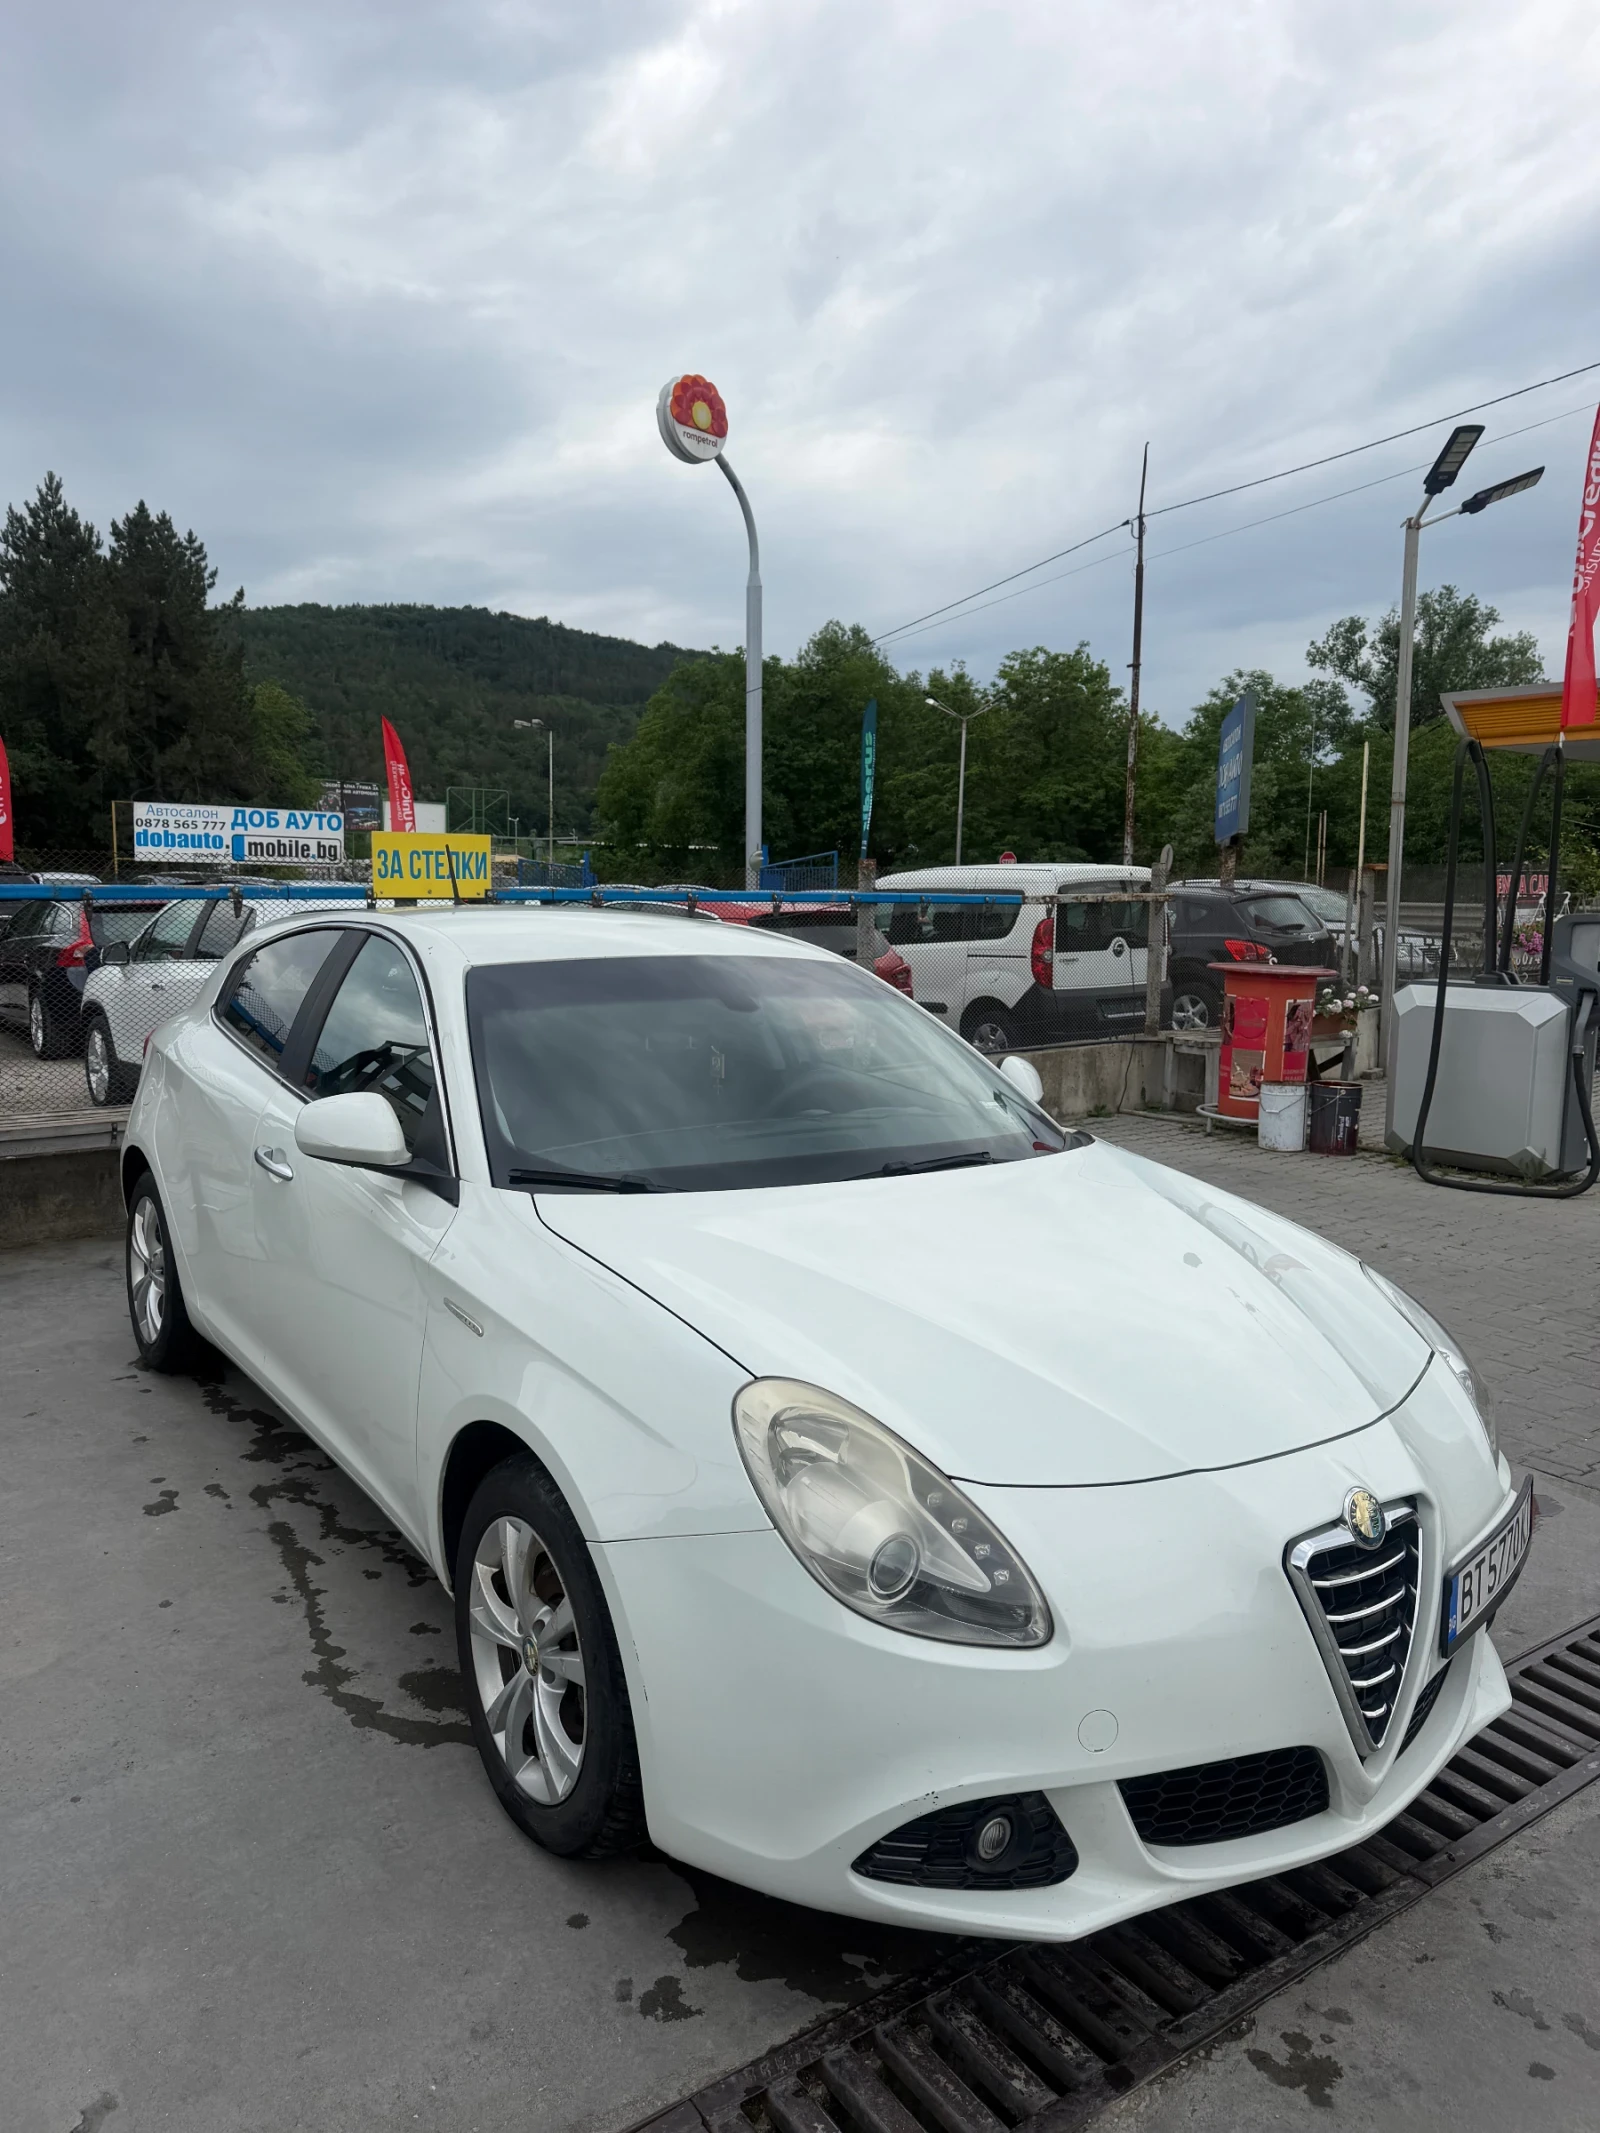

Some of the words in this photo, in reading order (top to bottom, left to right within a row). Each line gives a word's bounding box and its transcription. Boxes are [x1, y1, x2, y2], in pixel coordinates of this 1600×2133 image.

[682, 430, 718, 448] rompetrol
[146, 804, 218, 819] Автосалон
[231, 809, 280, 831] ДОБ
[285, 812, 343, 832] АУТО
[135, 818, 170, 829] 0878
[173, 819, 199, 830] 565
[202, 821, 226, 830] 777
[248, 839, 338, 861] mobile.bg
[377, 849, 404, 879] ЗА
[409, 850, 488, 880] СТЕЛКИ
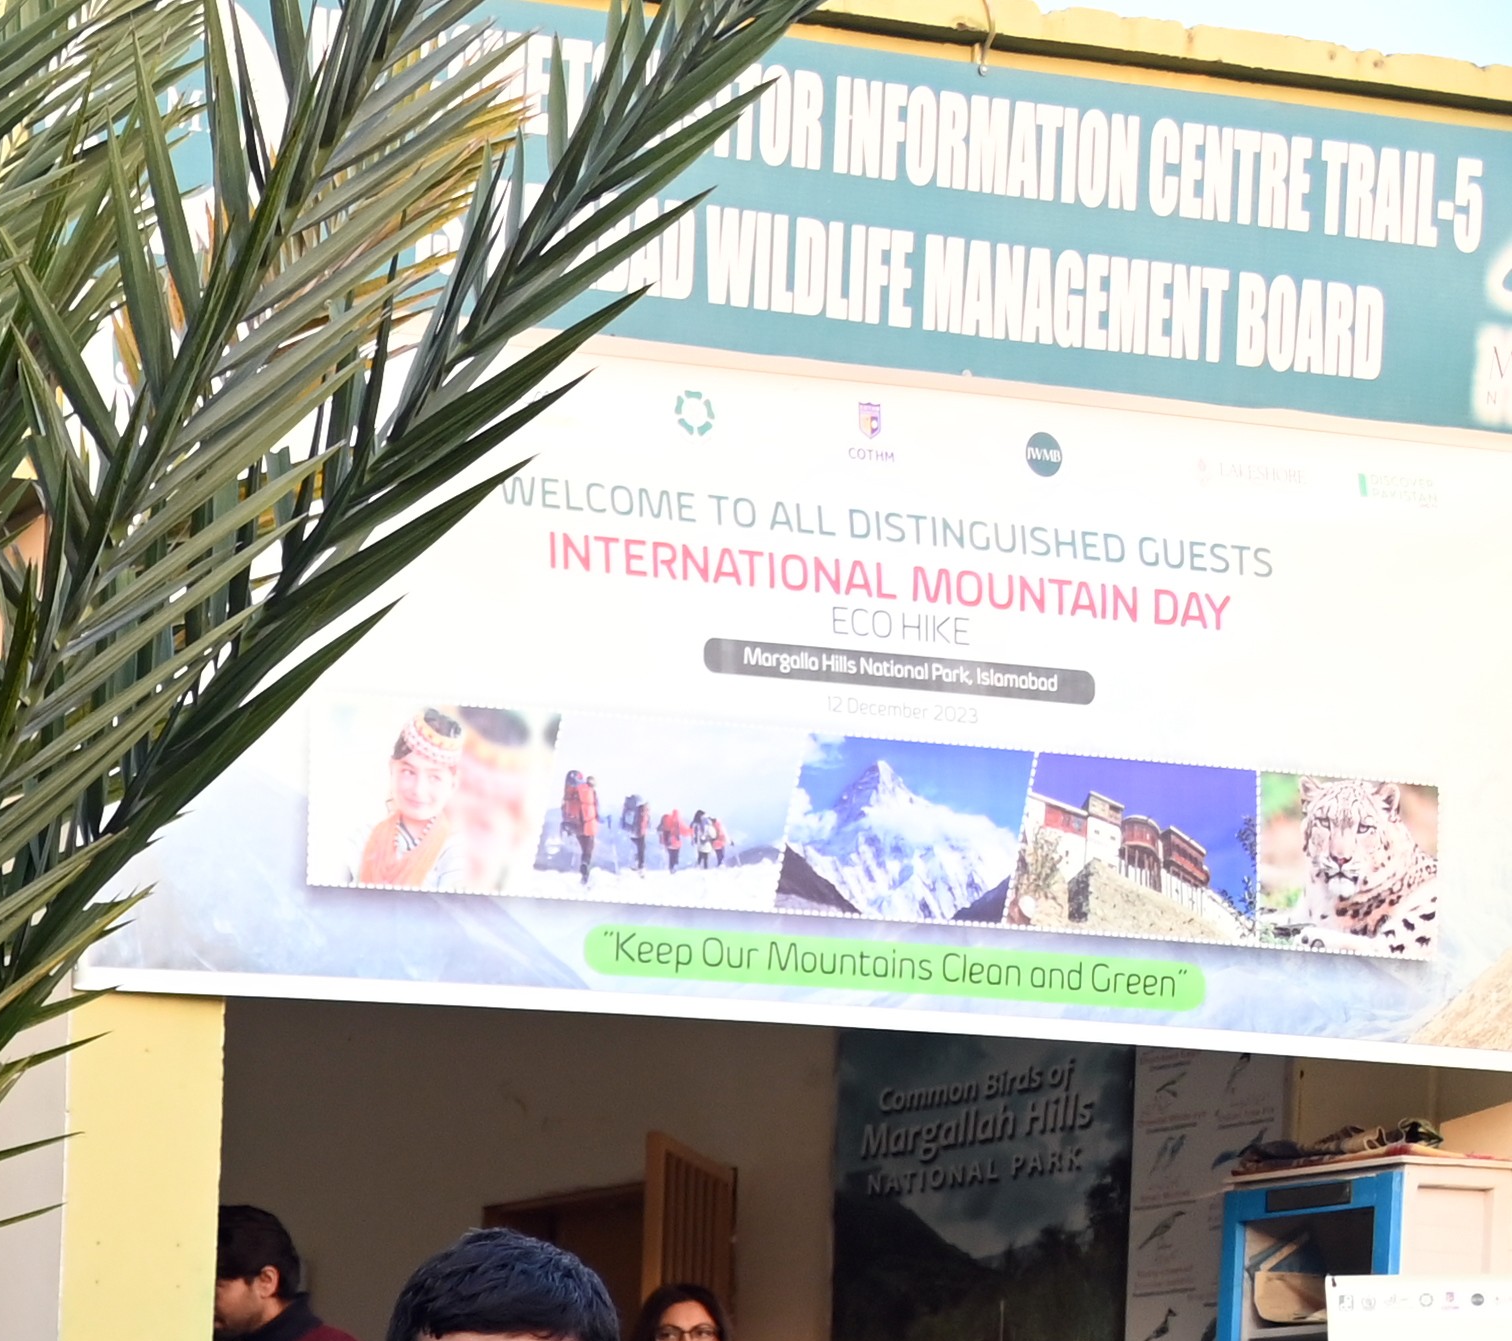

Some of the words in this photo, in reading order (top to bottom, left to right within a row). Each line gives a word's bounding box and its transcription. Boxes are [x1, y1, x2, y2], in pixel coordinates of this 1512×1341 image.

━━━

> **TASK ITEM**
Reproduce every entry exactly; images stay out.

> **THE ANSWER**
Some of the words in this photo, in reading order (top to bottom, left to right within a row). Each line gives a word's bounding box and its transcription. Boxes are [x1, y1, x2, y2], in pixel coordinates of this 1600×2133 image.

[682, 430, 718, 448] rompetrol
[146, 804, 218, 819] Автосалон
[231, 809, 280, 831] ДОБ
[285, 812, 343, 832] АУТО
[135, 818, 170, 829] 0878
[173, 819, 199, 830] 565
[202, 821, 226, 830] 777
[248, 839, 338, 861] mobile.bg
[377, 849, 404, 879] ЗА
[409, 850, 488, 880] СТЕЛКИ

Some of the words in this photo, in reading order (top to bottom, left to right within a row). Each line gives a word's bounding box and its transcription. Boxes are [x1, y1, x2, y2], in pixel coordinates of this 1512×1341 image.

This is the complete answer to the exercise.